HAMARTÍA: peccato

Il poeta francese Paul Claudel ha coniato una battuta suggestiva: «Dio ha fatto l’uomo, e il peccato l’ha contraffatto». Come insegnano le prime pagine della Genesi, all’armonia della creatura uscita dalle mani di Dio è subentrata – attraverso la libertà umana che è dono e rischio – la degenerazione che coinvolge tutte le relazioni umane. È per questo che i vocaboli ebraici biblici coi quali si designa il peccato indicano a livello etimologico un fallire la meta, un deviare dal retto sentiero, una ribellione insensata. Nel greco del Nuovo Testamento, che noi stiamo ora proponendo, il termine fondamentale è hamartía.

Esso risuona 173 volte (48 volte nella sola Lettera ai Romani) ed è seguito da un corollario di derivati come il verbo hamartánô, «peccare» (43 volte), hamartôlós, «peccatore» (47 volte). Noi lo incastoniamo in questo periodo quaresimale, un tempo nel quale si è stimolati al pentimento dal male e alla conversione. Giovanni Papini, nel suo scritto Il diavolo (1953), giustamente affermava che «si può entrare nel regno di Dio anche dal portale del peccato», e tanti convertiti (come sant’Agostino) lo attestano.

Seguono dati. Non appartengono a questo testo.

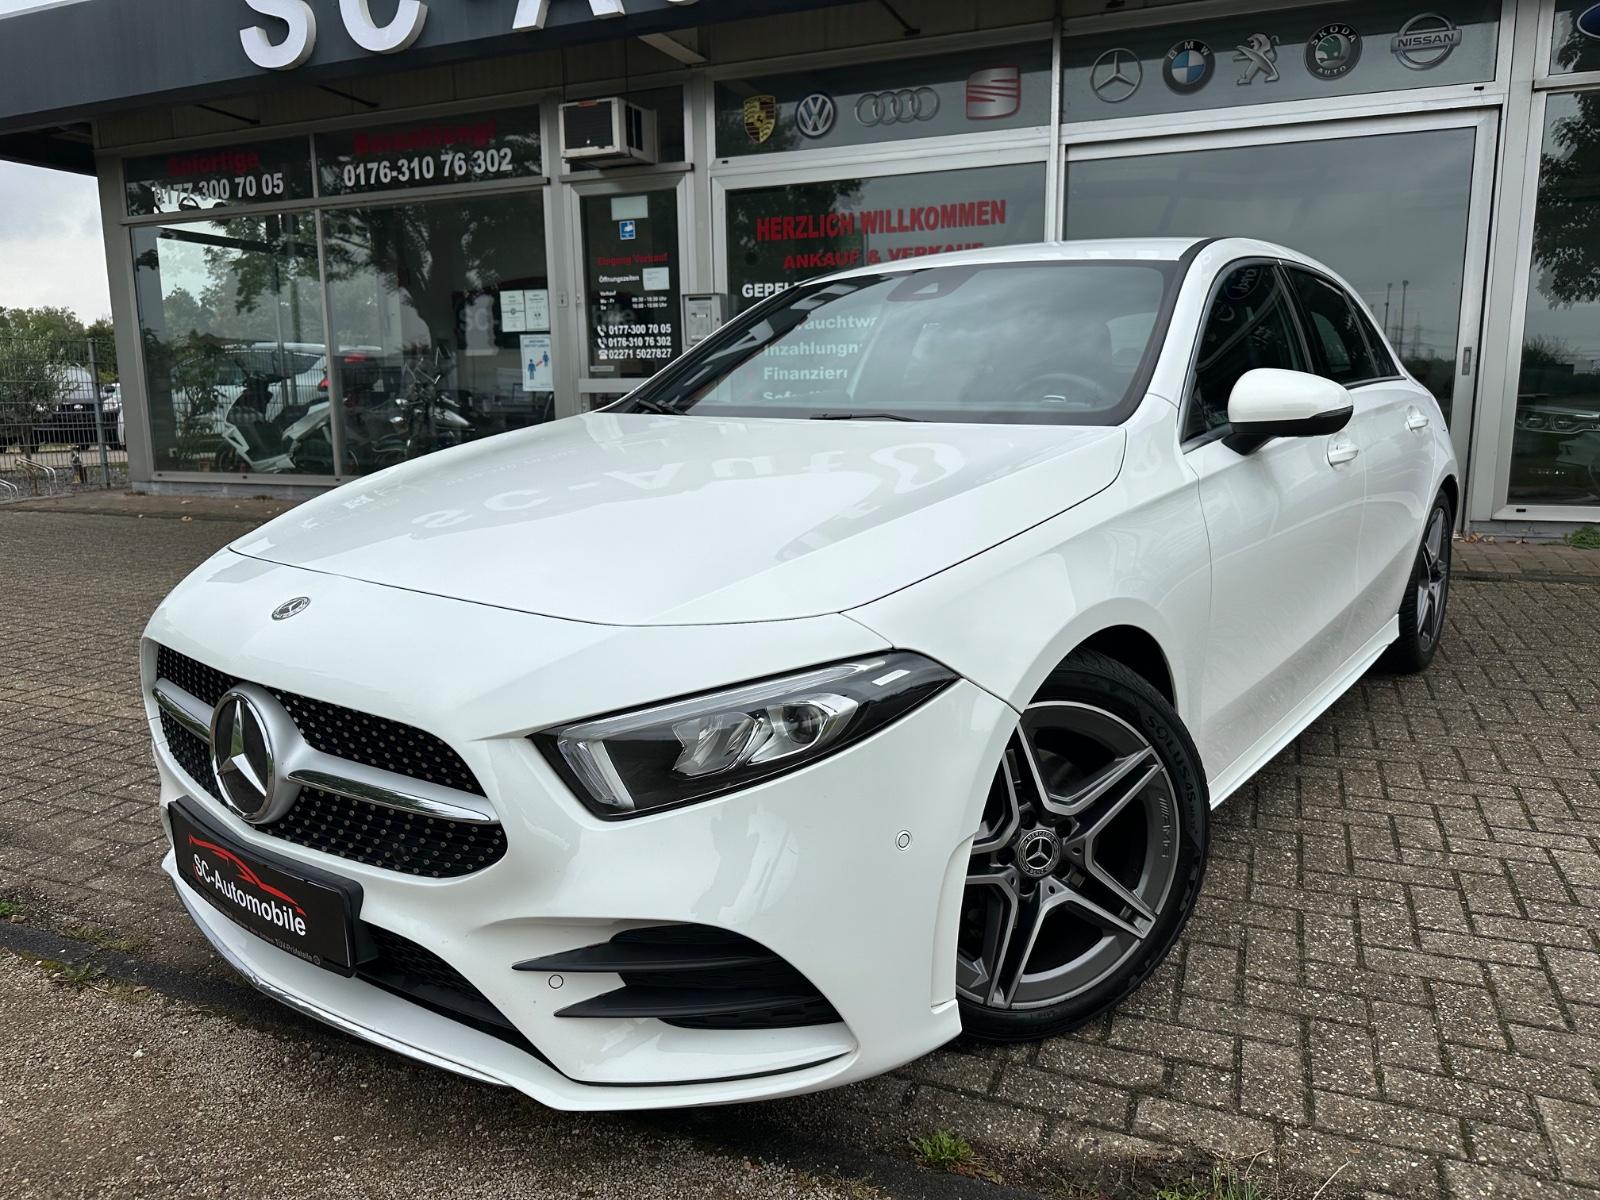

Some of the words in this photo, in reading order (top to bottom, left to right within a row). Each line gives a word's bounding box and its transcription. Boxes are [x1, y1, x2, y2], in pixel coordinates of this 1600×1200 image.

[1167, 41, 1210, 60] BMW
[1397, 32, 1455, 48] NISSAN
[343, 156, 434, 187] 0176-310
[440, 152, 467, 177] 76
[473, 148, 513, 174] 302
[154, 178, 230, 205] 0177-300
[234, 175, 257, 198] 70
[261, 172, 284, 195] 05
[757, 211, 854, 241] HERZLICH
[860, 200, 1007, 234] WILLKOMMEN
[784, 251, 860, 269] ANKAUF
[869, 248, 881, 264] &
[608, 324, 646, 335] 0177-300
[648, 323, 659, 334] 70
[660, 323, 672, 334] 05
[608, 337, 643, 347] 0176-310
[644, 336, 655, 346] 76
[656, 336, 672, 346] 302
[608, 349, 633, 359] 02271
[1146, 715, 1190, 780] SOLUS
[193, 853, 307, 936] SC-Automobile
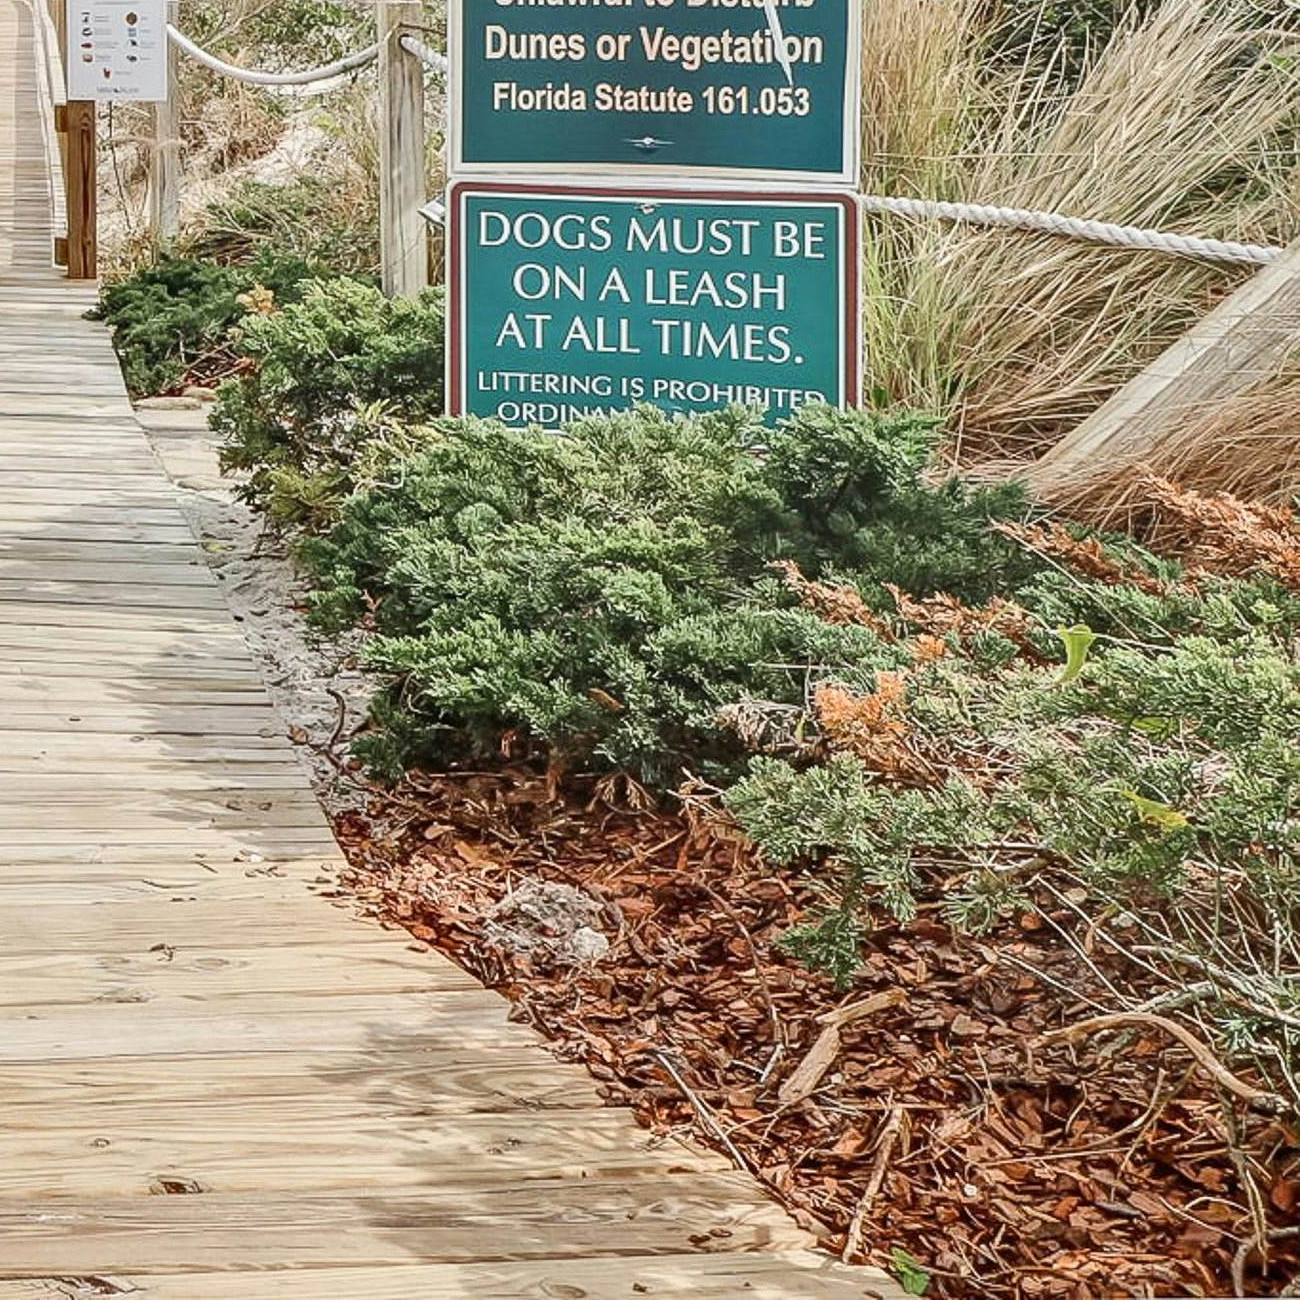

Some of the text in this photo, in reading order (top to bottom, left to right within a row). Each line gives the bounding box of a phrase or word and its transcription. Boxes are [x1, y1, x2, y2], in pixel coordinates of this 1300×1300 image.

Il significato primario di quella parola greca è, come per il parallelo ebraico, un mancare per errore o per colpa una meta (significativo è il nostro vocabolo «mancanza» per definire uno sbaglio morale). La riflessione più ampia sul peccato e sulla redenzione ci è offerta da san Paolo. L’uomo è radicato alla sarx, «carne», un termine che in una delle prossime puntate illustreremo, e che per l’apostolo non è tanto la «carnalità» sessuale, bensì la nostra radicale peccaminosità, legata a una libertà ferita. L’avvio di questa vicenda negativa è già in Adamo che rappresenta simbolicamente tutta l’umanità.

Forte è la tentazione di autosalvarci, cercando di sollevarci da quel gorgo oscuro che è in noi attraverso le nostre opere. Siamo come chi, sprofondando in una palude, cerca di sollevarsi alzando le braccia verso l’alto. È, invece, necessario che Dio stenda la sua mano e ci estragga dal fango del peccato per salvarci. Sta a noi, attraverso la nostra libertà e la fede, afferrare quella mano ed essere così sottratti dall’abisso della colpa. Cristo, divenendo uomo, si fa solidale con noi, come scrive san Paolo: «Colui che non aveva conosciuto peccato, Dio lo fece peccato in nostro favore, perché in lui noi potessimo diventare giustizia di Dio» (2Corinzi 5,21).

Cristo, dunque, che è il Figlio innocente e santo di Dio, si carica del nostro peccato perché trionfi in noi la «giustizia» divina che, nel linguaggio biblico, significa soprattutto «salvezza». Anzi, è possibile che l’apostolo alluda a un’altra idea con questa sua frase, basandosi su un significato ulteriore del termine anticotestamentario che indicava il peccato. Esso, infatti, definiva anche la vittima e il sacrificio per espiare il peccato.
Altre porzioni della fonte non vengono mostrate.